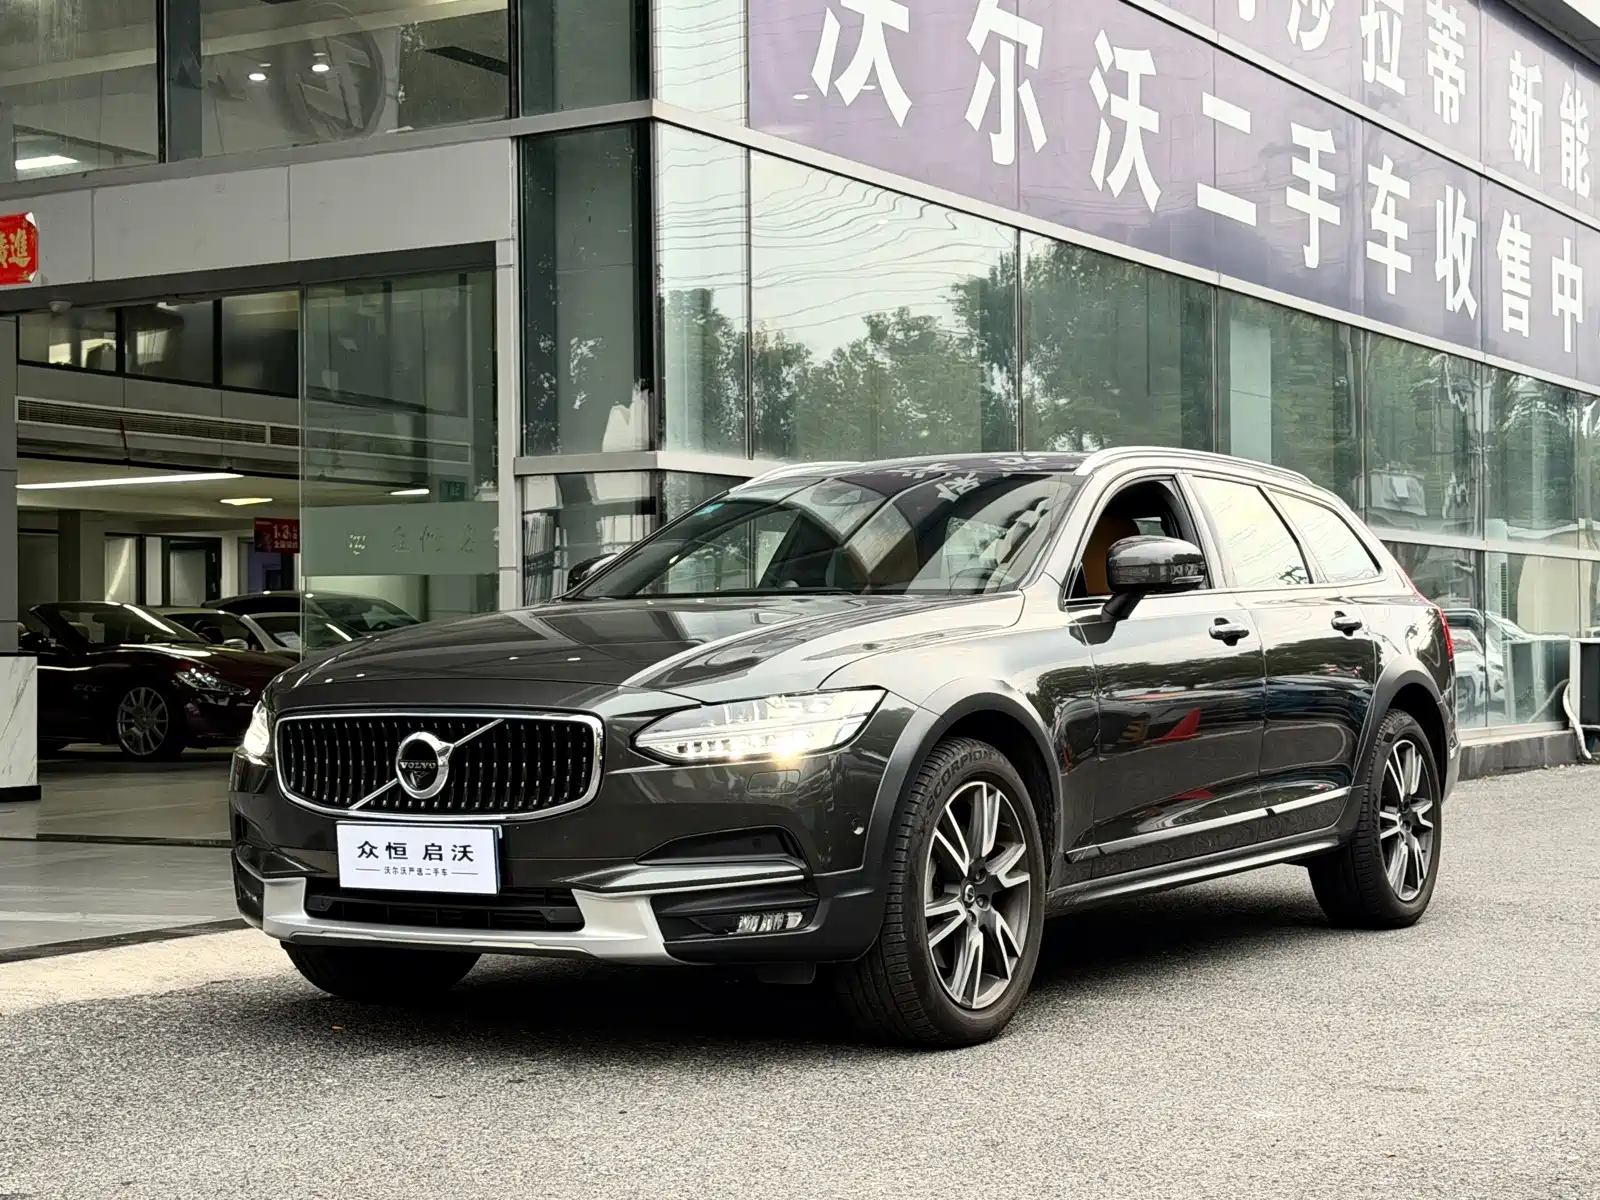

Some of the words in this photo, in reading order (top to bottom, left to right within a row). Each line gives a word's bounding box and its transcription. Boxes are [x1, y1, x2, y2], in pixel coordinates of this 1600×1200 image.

[399, 761, 437, 769] VOLVO
[357, 840, 408, 860] 众恒
[422, 843, 474, 862] 启沃
[384, 866, 448, 877] 沃尔沃严选二手车
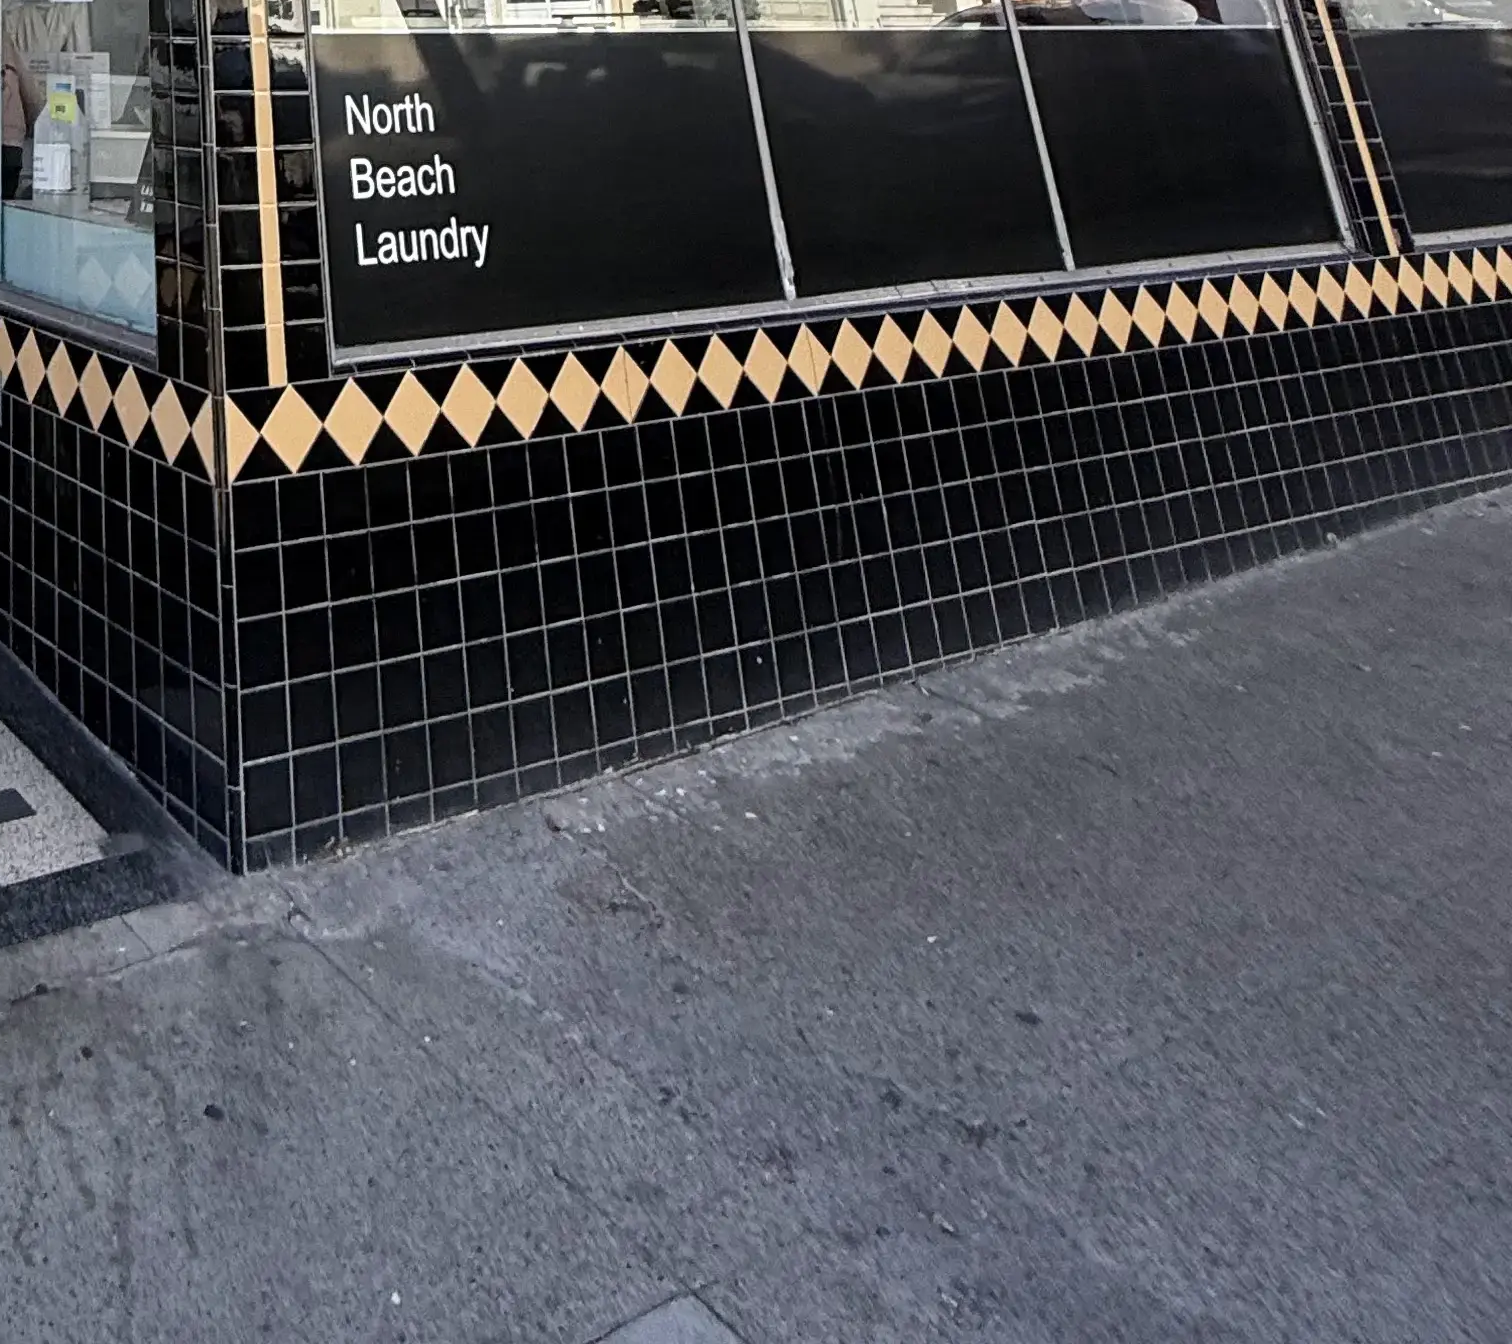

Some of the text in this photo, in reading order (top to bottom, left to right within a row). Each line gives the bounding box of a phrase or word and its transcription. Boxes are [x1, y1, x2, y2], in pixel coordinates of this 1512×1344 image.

[344, 92, 436, 136] North
[349, 153, 456, 200] Beach
[354, 215, 489, 269] Laundry
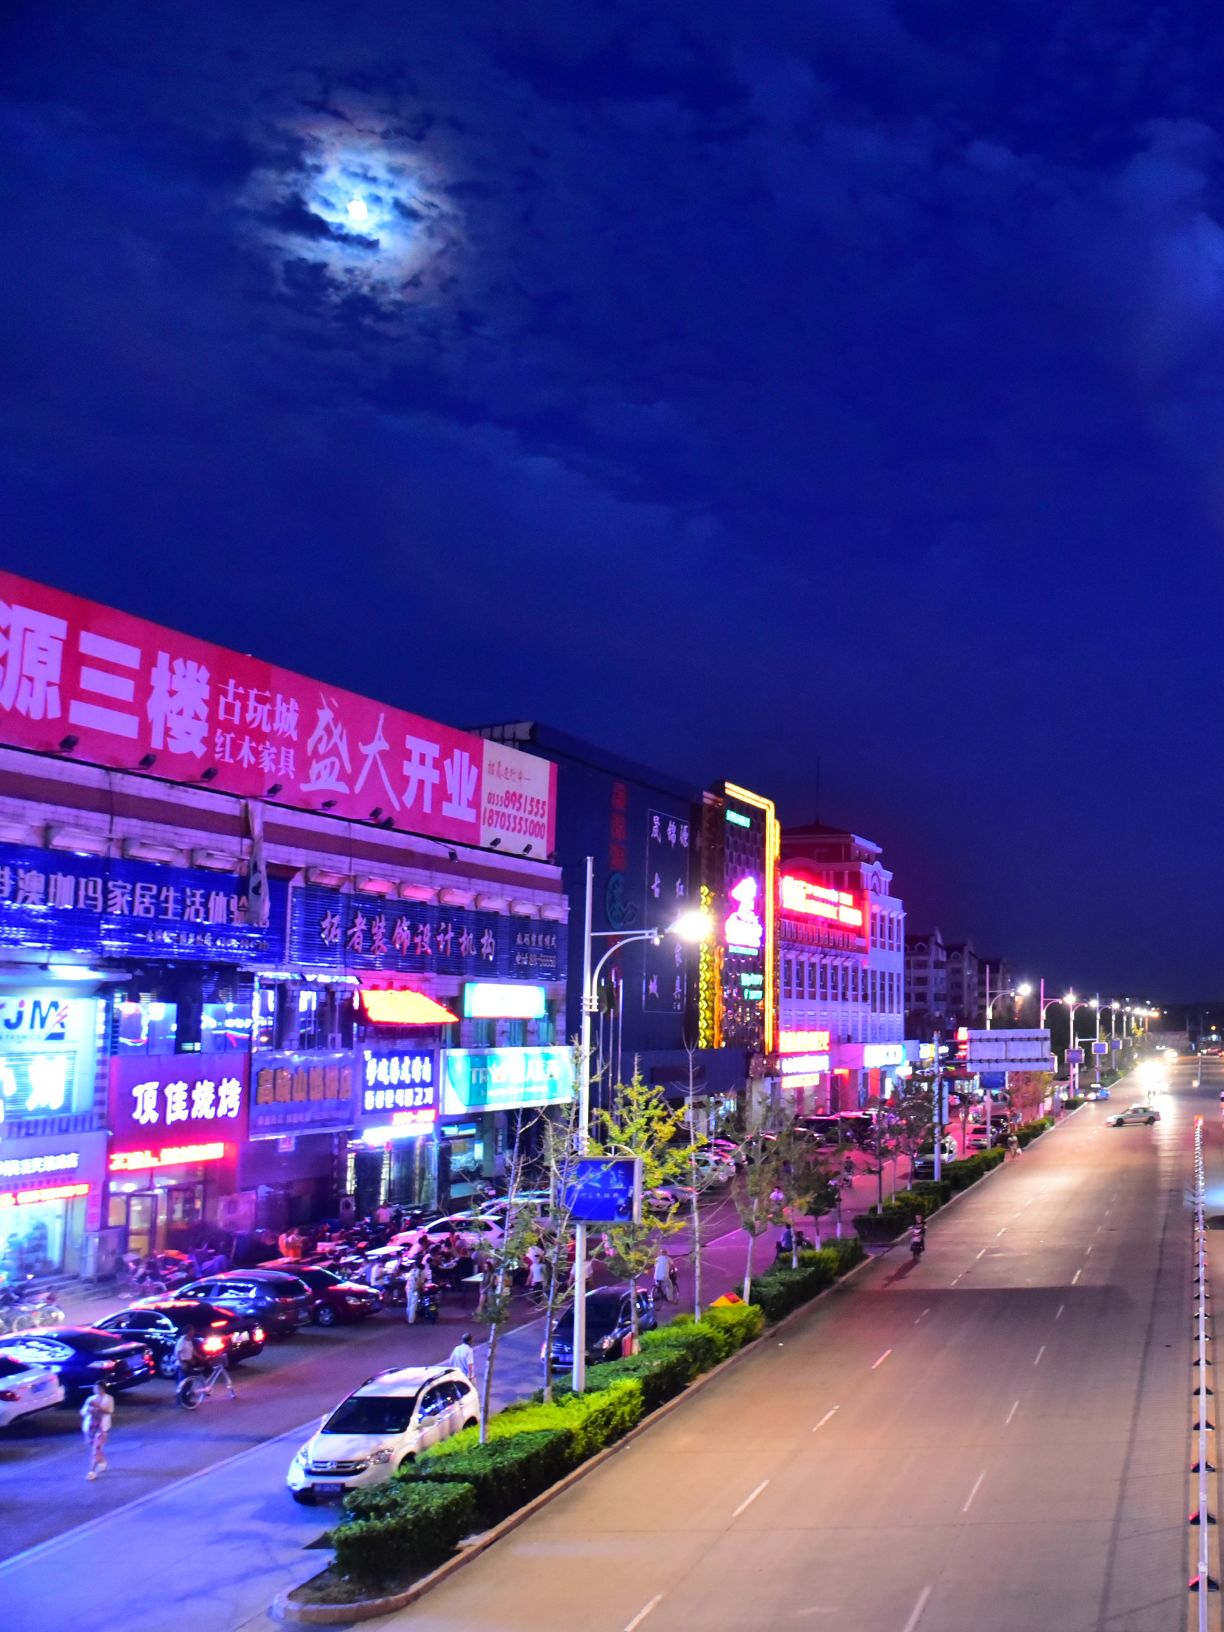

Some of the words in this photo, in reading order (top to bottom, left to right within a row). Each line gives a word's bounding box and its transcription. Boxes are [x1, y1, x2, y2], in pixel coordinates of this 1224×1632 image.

[217, 678, 299, 741] 古玩城
[213, 728, 297, 781] 红木家具
[300, 686, 480, 824] 盛大开业
[0, 865, 271, 929] 澳珈玛家居生活体验
[131, 1077, 243, 1125] 顶佳烧烤
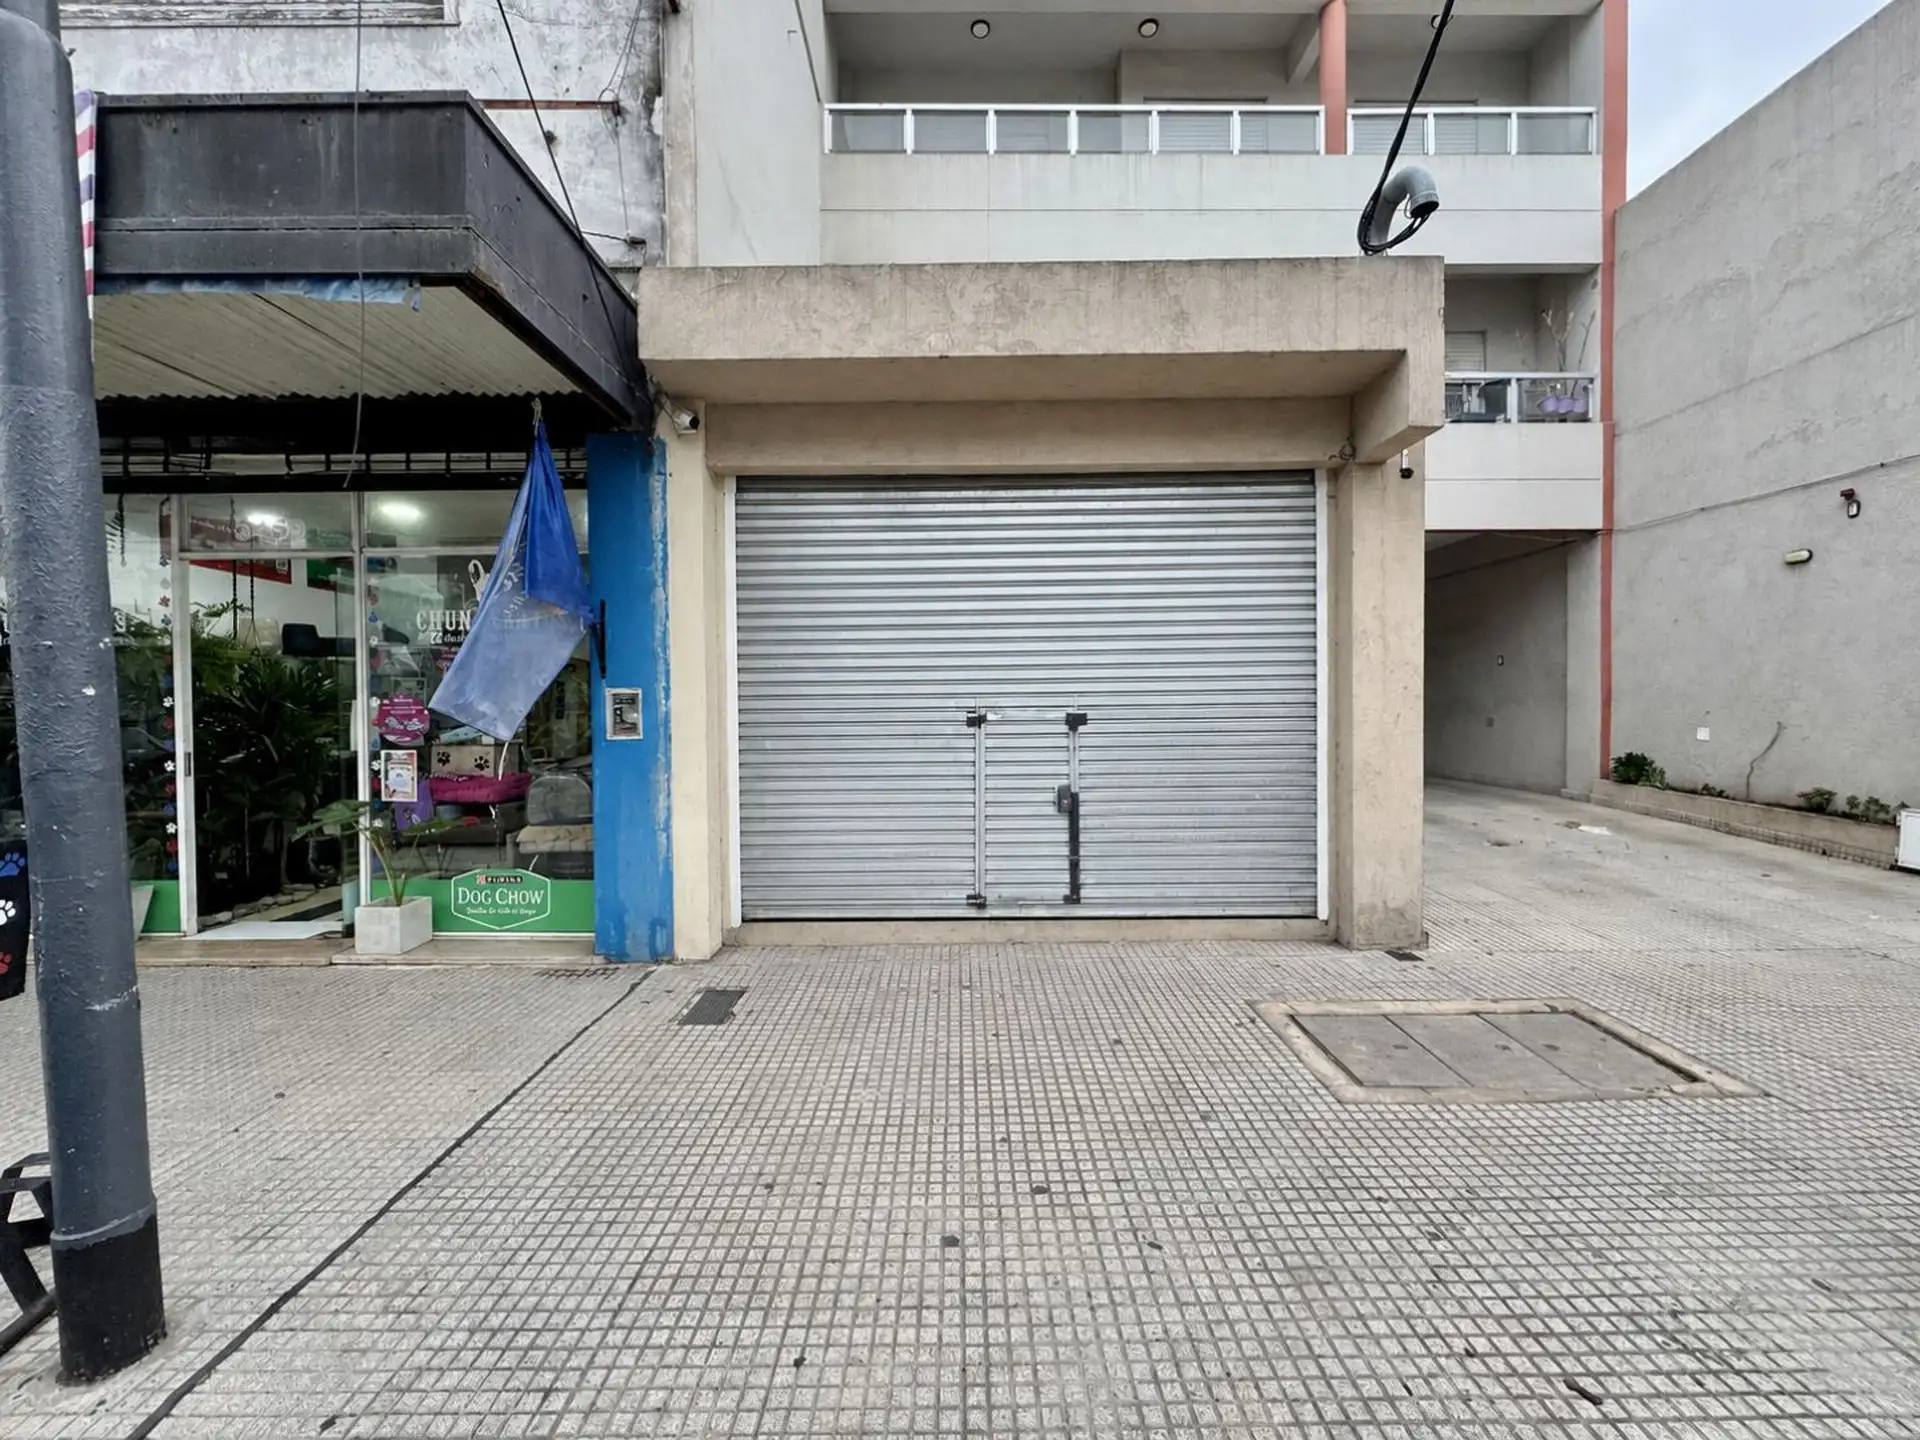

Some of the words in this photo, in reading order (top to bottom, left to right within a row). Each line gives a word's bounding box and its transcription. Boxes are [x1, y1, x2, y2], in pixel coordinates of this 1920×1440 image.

[416, 609, 472, 631] CHUN
[458, 887, 492, 905] DOG
[495, 887, 545, 905] CHOW

::::

#### WHAT TO DO:
The records above should be retyped in full and exactly; omit the pictures.

#### WORKED SOLUTION:
Some of the words in this photo, in reading order (top to bottom, left to right within a row). Each line gives a word's bounding box and its transcription. Boxes are [x1, y1, x2, y2], in pixel coordinates of this 1600×1200 image.

[399, 761, 437, 769] VOLVO
[357, 840, 408, 860] 众恒
[422, 843, 474, 862] 启沃
[384, 866, 448, 877] 沃尔沃严选二手车

Some of the text in this photo, in reading order (top to bottom, left to right within a row). Each line gives the bounding box of a phrase or word and its transcription. Boxes are [x1, y1, x2, y2], in pixel coordinates of this 1512×1344 image.

[344, 92, 436, 136] North
[349, 153, 456, 200] Beach
[354, 215, 489, 269] Laundry

Some of the words in this photo, in reading order (top to bottom, left to right within a row). Each line gives a word's bounding box and its transcription. Boxes are [x1, y1, x2, y2], in pixel coordinates of this 1224×1632 image.

[217, 678, 299, 741] 古玩城
[213, 728, 297, 781] 红木家具
[300, 686, 480, 824] 盛大开业
[0, 865, 271, 929] 澳珈玛家居生活体验
[131, 1077, 243, 1125] 顶佳烧烤

Some of the words in this photo, in reading order (top to bottom, left to right within a row). Each line gives a word's bounding box and its transcription. Boxes are [x1, y1, x2, y2], in pixel coordinates of this 1920×1440 image.

[416, 609, 472, 631] CHUN
[458, 887, 492, 905] DOG
[495, 887, 545, 905] CHOW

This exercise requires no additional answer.